ホワイトペーパーの役割は?制作ノウハウから具体的な活用方法まで徹底解説

マーケティング

Sprocket編集部

ホワイトペーパーの役割は?制作ノウハウから具体的な活用方法まで徹底解説

ホワイトペーパーは、BtoBマーケティングにおいてよく用いられる施策のひとつです。しかし、やみくもに内容の薄いホワイトペーパーを作成しても、マーケティング施策として効果がないばかりか、ブランドイメージの低下など逆効果になることもあり得ます。ここでは、マーケティングにおけるホワイトペーパーの役割とは何か、そのために具体的に何をすればよいのかを説明します。

ホワイトペーパーとは?

ホワイトペーパーとはもともと「白書」のことで、政府や公的機関が発表する報告書を意味しています。しかし、マーケティングにおけるホワイトペーパーとは、見込み客に対して配布される資料のことで、読者が抱える課題の解決策を解説する内容です。

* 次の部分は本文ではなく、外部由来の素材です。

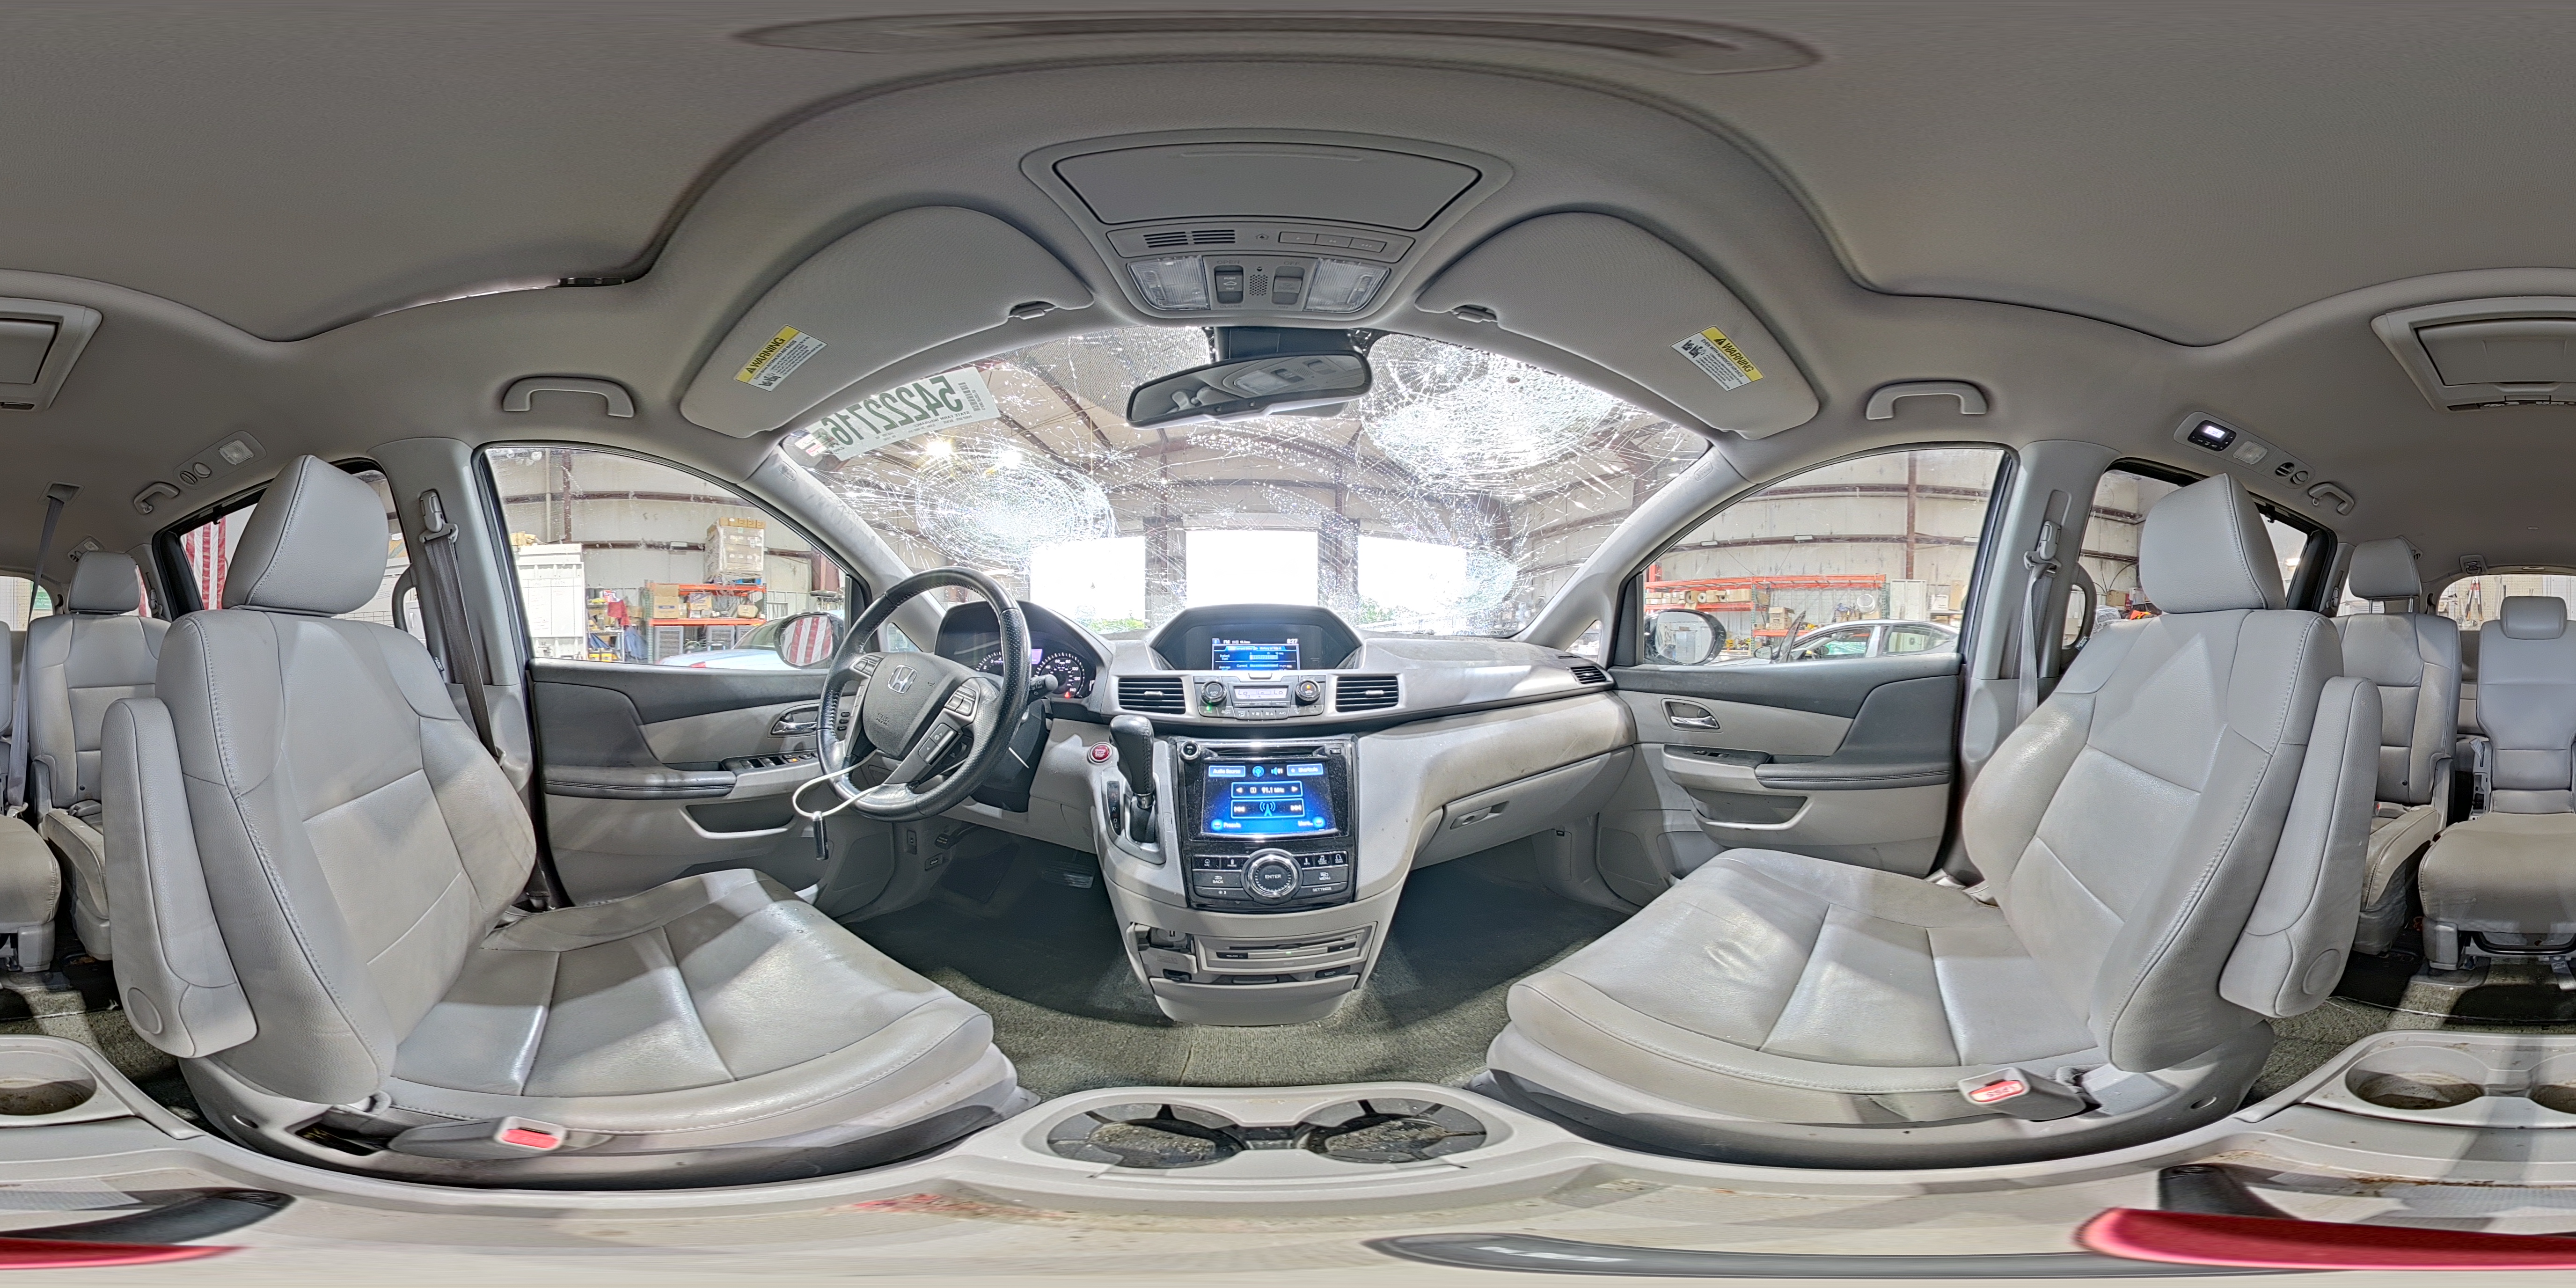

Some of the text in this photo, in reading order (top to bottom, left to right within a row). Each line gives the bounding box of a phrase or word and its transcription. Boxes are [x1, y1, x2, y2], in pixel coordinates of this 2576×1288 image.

[750, 337, 786, 367] WARNING
[767, 352, 783, 368] ADVANCED
[786, 340, 797, 349] BAGS
[1700, 338, 1711, 347] EVEN
[1709, 345, 1720, 354] WITH
[1716, 352, 1733, 367] ADVANCED
[1734, 368, 1744, 377] BAGS
[1722, 342, 1754, 373] WARNING

多くの場合、そのソリューションは自社が提供するサービスや製品と結びつけられます。また、一般的に見込み客がホワイトペーパーをダウンロードする際、個人情報を入力する必要があります。

営業資料、サービス資料との違い

ホワイトペーパーに似た資料として、営業資料やサービス資料があります。サービス資料はパンフレットやカタログを指し、自社が提供するサービスや製品のメリットにフォーカスしたものです。

それに対してホワイトペーパーは、課題解決に関する情報を幅広く掲載しています。つまり、サービス資料はすでに自社のサービスに関心を持っている顧客向けのものですが、ホワイトペーパーではその段階にまで至っていないターゲットを対象としています。

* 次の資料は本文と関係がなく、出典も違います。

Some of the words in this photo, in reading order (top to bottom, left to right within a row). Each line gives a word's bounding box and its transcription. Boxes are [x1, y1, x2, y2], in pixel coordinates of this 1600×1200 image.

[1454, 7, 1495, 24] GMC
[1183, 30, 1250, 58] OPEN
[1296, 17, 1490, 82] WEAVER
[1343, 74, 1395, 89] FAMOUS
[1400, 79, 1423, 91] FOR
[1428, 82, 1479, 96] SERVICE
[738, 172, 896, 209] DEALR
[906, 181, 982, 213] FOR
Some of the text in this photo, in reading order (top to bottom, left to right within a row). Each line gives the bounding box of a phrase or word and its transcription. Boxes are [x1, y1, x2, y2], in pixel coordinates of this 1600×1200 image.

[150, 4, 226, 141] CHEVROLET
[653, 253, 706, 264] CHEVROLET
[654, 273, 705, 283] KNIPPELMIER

また、営業資料とホワイトペーパーとでは、使用される場面が異なります。営業資料は自社の営業担当が他社担当者に説明したり、他社担当者が上司に相談したりする際に使用します。その相手は具体的なニーズが顕在化した見込み客であり、意思決定を後押しするために使うのが一般的です。一方でホワイトペーパーは、潜在層向けのツールであるといえます。

なお、ホワイトペーパー制作でも重要な「言葉選び」について下記の資料でまとめています。そちらもご参照ください。

「顧客を動かす」訴求メッセージ

ホワイトペーパーの役割

BtoBマーケティングにおいて、ホワイトペーパーには次のような役割があります。

リード獲得

ホワイトペーパーの最大の役割はリード(見込み客)獲得です。自社の製品やサービスに興味を持ってもらうための第一歩として機能します。

リード育成

ホワイトペーパーはリード獲得後、顧客の検討ステージに合わせて自社に対する興味や関心を高めるためにも効果的です。自社がサービスを提供している分野に対して「興味がある」に過ぎなかった顧客に、良質なホワイトペーパーを通じて新たな「気づき」を与えることができます。

営業ツール

ホワイトペーパーは見込み客を類型化し、それぞれに役立つ情報を端的にまとめたものです。そのため、営業資料やウェビナー資料としても活用できます。

ホワイトペーパーの種類

ホワイトペーパーにはさまざまな形がありますが、代表的な種類として以下の3つがあります。

課題解決型

課題解決型はホワイトペーパーとして最も一般的なタイプです。想定している読者は課題を抱えており、解決策を模索しています。

ホワイトペーパーは読者の課題を明確化するために、取り巻く現状や要因について分析・解説します。また、顧客が取り得るソリューションについて論理的に提示します。

事例紹介型

事例紹介型は、自社の製品やサービスによってどのように課題を解決したかを紹介するものです。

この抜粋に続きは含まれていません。